Con riferimento agli atti successivi all’entrata in vigore dell’art. 16, del d.l. n. 98 del 2011, conv. con modif. nella l. n. 111 del 2011, il legislatore ha introdotto una deroga all’obbligo di espressa motivazione della facoltà di recesso, ma ha sottoposto lo stesso a due stringenti condizioni: a) che l’atto sia stato preceduto dall’adozione di provvedimenti generali di organizzazione interna (di cui allo stesso art. 16); b) che l’atto contenga l’espresso richiamo ai criteri applicativi della norma, individuati in via preventiva, secondo quanto già le leggi precedenti prevedevano per le sole amministrazioni degli esteri, dell’interno e della difesa in virtù delle peculiarità dei rispettivi ordinamenti.

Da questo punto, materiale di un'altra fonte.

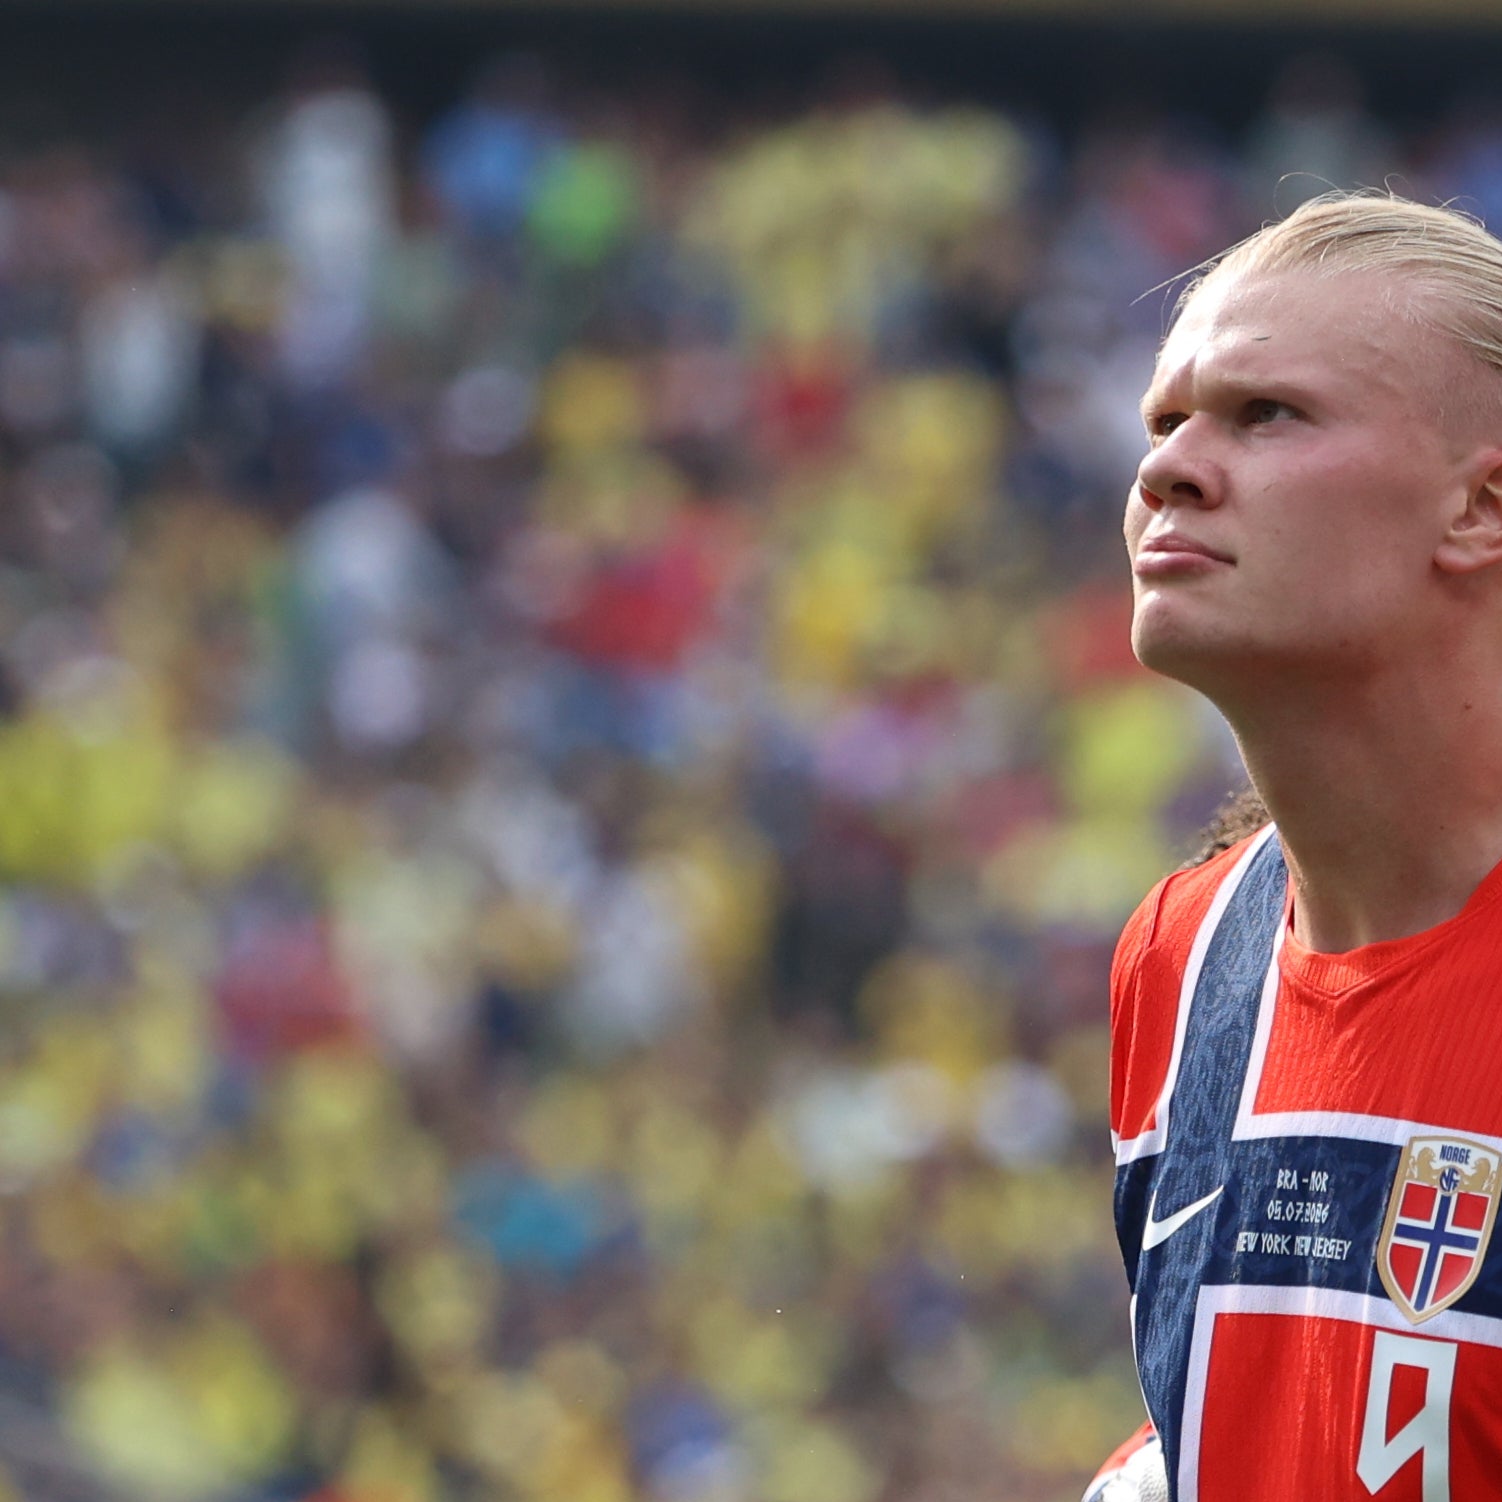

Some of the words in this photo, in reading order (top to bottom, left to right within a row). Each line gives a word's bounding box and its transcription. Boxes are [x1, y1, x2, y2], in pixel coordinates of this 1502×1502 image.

[1440, 1144, 1471, 1165] NORGE
[1276, 1168, 1298, 1190] BRA
[1309, 1170, 1329, 1192] NOR
[1267, 1200, 1330, 1224] 05.07.2026
[1261, 1233, 1292, 1255] YORK
[1294, 1235, 1312, 1256] NEW
[1312, 1236, 1352, 1261] JERSEY
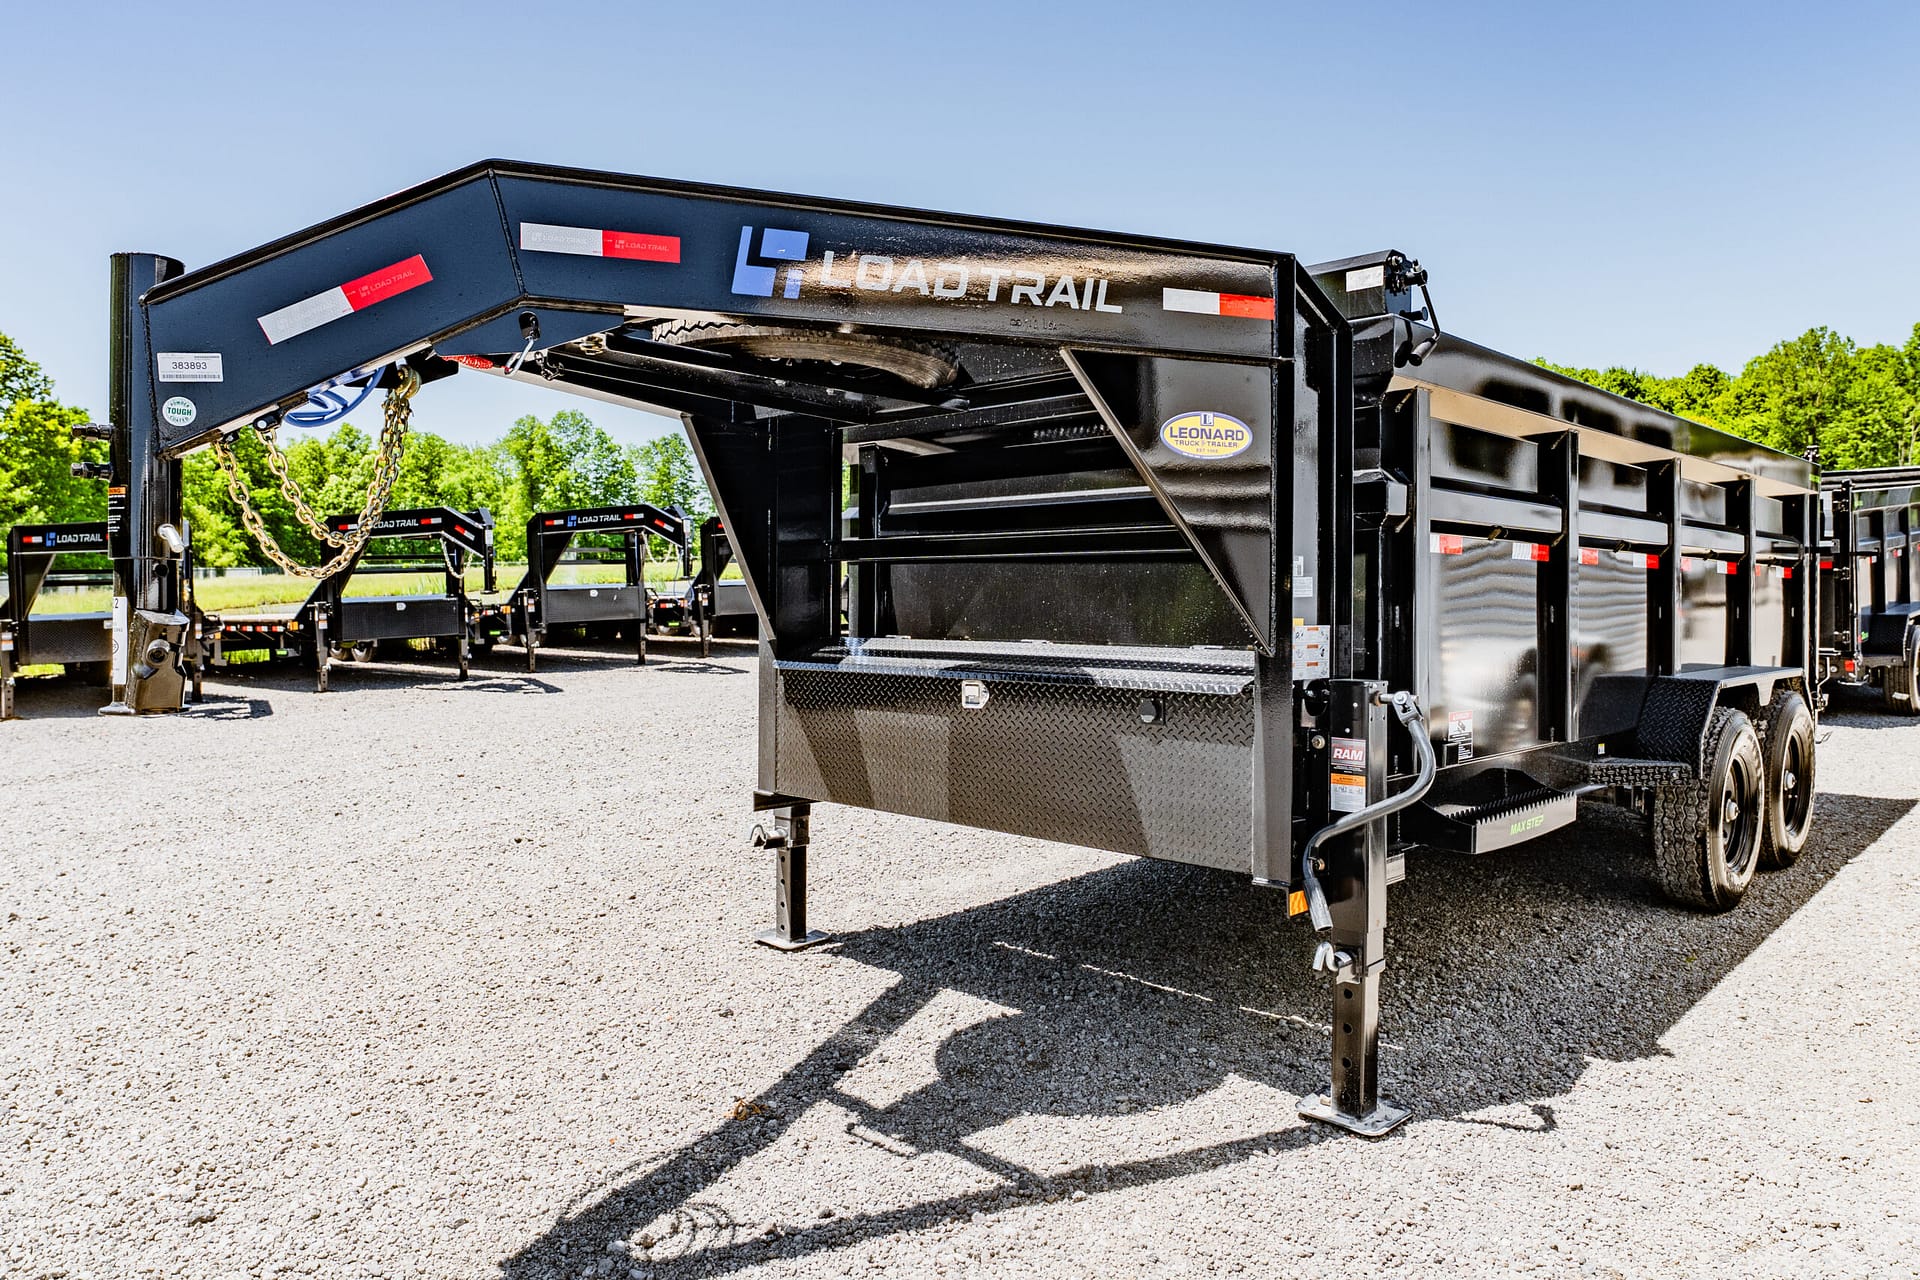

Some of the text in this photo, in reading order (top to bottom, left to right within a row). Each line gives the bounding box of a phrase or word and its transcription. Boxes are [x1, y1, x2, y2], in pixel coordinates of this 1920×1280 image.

[625, 242, 670, 252] LOAD TRAIL
[369, 269, 415, 293] LOAD TRAIL
[819, 250, 1123, 314] LOAD TRAIL
[171, 361, 208, 370] 383893
[166, 406, 192, 416] TOUGH
[1169, 426, 1245, 441] LEONARD
[1174, 439, 1200, 447] TRUCK
[395, 518, 419, 528] TRAIL
[577, 513, 622, 525] LOAD TRAIL
[56, 533, 103, 544] LOAD TRAIL
[1333, 748, 1363, 761] RAM
[1510, 815, 1544, 836] MAX STEP

Nel caso in esame il recesso è stato intimato all’odierno ricorrente in data anteriore all’entrata in vigore della novella del 2011. La pronuncia gravata non si rivela, pertanto, conforme alla disciplina legale e ai principi dettati dalla giurisprudenza di questa Corte, non avendo accertato se l’ente avesse motivato l’atto di recesso unilaterale, ma avendo ritenuto sufficiente a giustificarne la legittimità la mera adozione, da parte del Ministero dei Trasporti e delle Infrastrutture di un atto generale che si limitava a richiamare genericamente gli obiettivi di politica del lavoro e di contenimento della spesa indicati dalla Circolare della Funzione Pubblica applicativa del d.l. n.112 del 2008, conv. nella legge n.133 del 2008, e che non avrebbe potuto ritenersi sufficiente neanche qualora il recesso datoriale fosse stato attuato successivamente all’entrata in vigore del d.l. n.98 del 2011.

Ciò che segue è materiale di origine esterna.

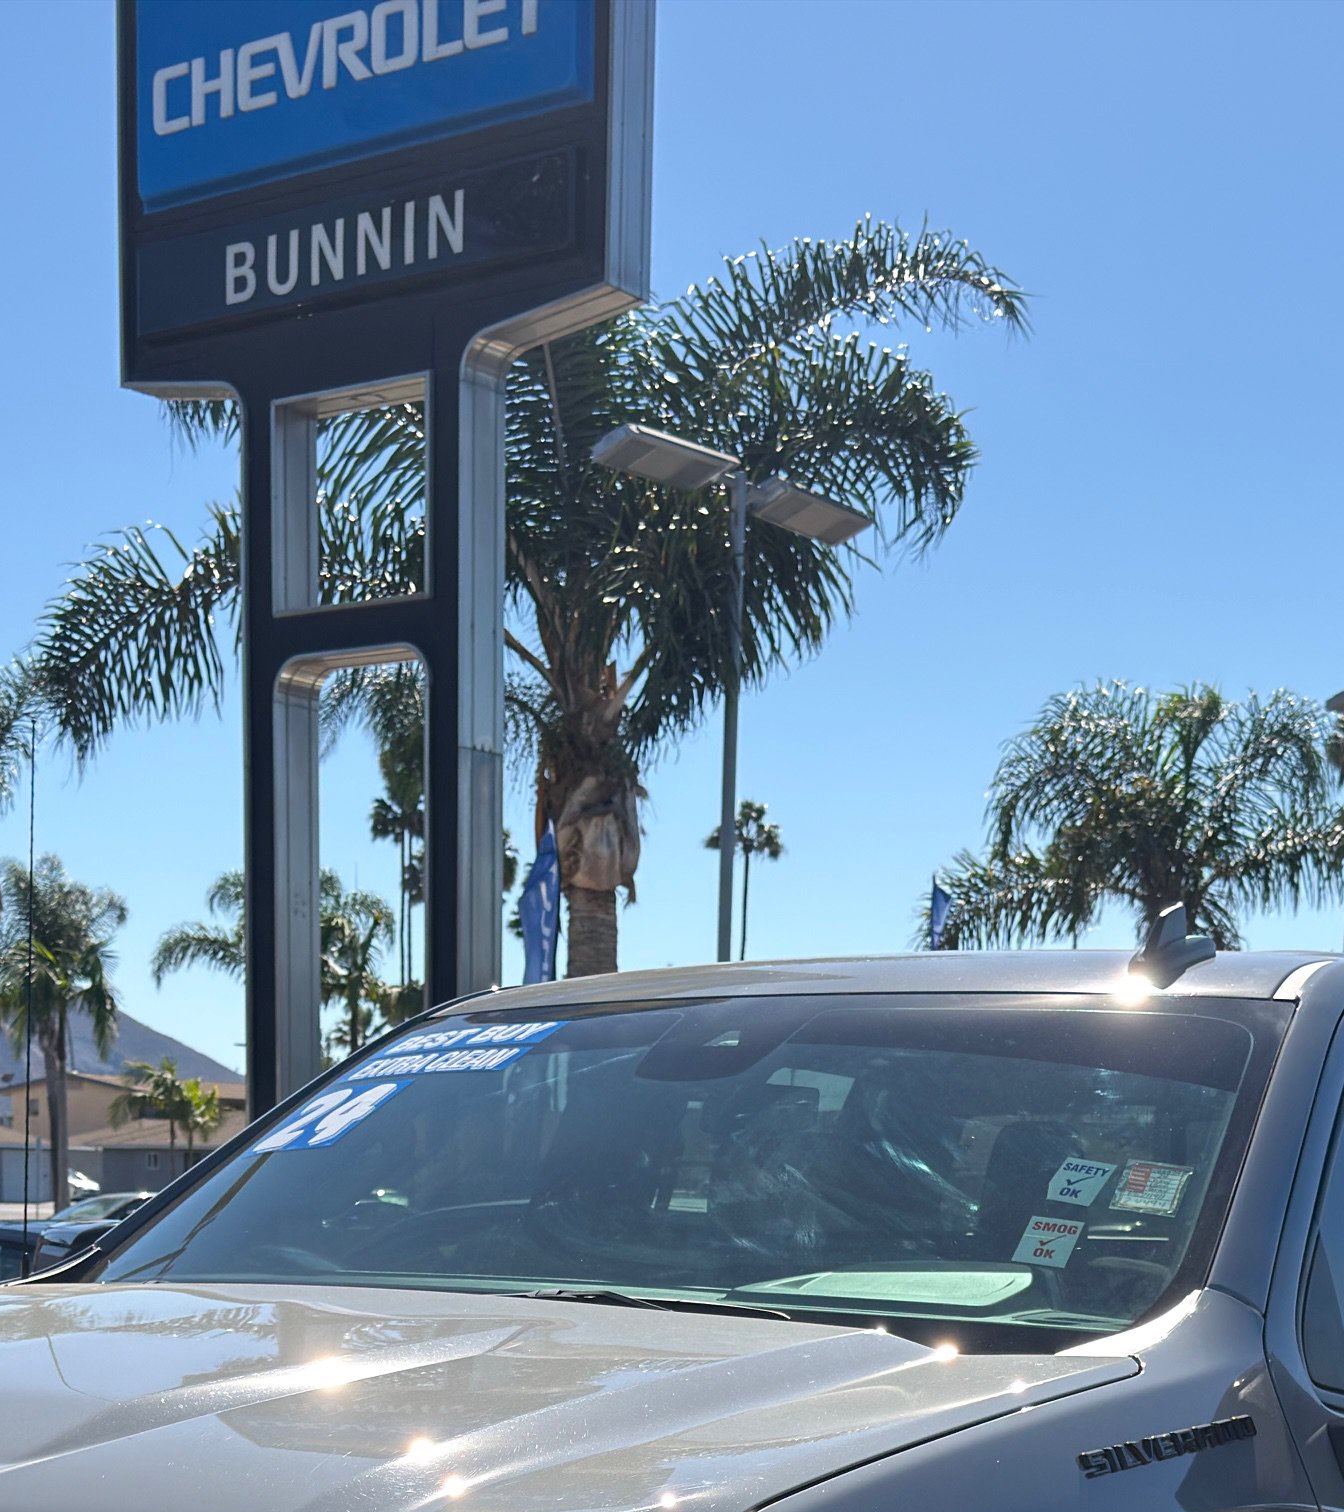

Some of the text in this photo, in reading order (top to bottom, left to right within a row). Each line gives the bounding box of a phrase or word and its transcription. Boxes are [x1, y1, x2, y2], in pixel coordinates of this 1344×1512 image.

[224, 189, 465, 306] BUNNIN
[384, 1021, 558, 1055] BEST BUY
[348, 1047, 521, 1081] EXTRA CLEAN
[252, 1083, 398, 1152] 24
[1062, 1162, 1110, 1177] SAFETY
[1059, 1187, 1082, 1199] OK
[1032, 1220, 1078, 1235] SMOG
[1032, 1247, 1056, 1259] OK

Alla luce di tali considerazioni vanno ritenute meritevoli di accoglimento sia la critica contenuta nel primo motivo, che prospetta la necessità di una motivazione ulteriore rispetto all’avvenuto raggiungimento della massima anzianità contributiva in caso di recesso anticipato intervenuto precedentemente alla riforma del 2011, sia la censura contenuta nel secondo motivo, che ritiene che l’art. 16 del d.l. n. 98 del 2011, diversamente da quanto ha affermato dalla Corte territoriale, rivesta efficacia di fattispecie innovativa (e non retroattiva).
In definitiva, il ricorso va accolto e la causa rinviata alla Corte d’appello di Roma in diversa composizione, che deciderà anche sulle spese del giudizio di legittimità.

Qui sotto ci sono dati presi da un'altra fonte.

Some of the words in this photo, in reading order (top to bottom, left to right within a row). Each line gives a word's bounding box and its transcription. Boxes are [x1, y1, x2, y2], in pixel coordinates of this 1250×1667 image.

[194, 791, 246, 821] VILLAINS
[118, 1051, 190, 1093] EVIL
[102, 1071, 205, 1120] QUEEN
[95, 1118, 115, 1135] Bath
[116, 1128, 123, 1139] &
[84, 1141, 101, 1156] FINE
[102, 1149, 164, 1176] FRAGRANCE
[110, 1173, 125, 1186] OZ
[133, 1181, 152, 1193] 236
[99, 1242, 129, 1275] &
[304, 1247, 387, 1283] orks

In ragione dell’accoglimento del ricorso si dà atto che ai sensi dell’art. 13, comma 1 quater del d.P.R. n.115 del 2002, non sussistono i presupposti per il versamento da parte del ricorrente dell’ulteriore importo a titolo di contributo unificato pari a quello dovuto per il ricorso a norma dell’art. 13, comma 1 bis dello stesso art. 13.
P.Q.M.
Accoglie il ricorso. Cassa la sentenza impugnata e rinvia la causa alla Corte d’Appello di Roma in diversa composizione, anche sulle spese del giudizio di legittimità.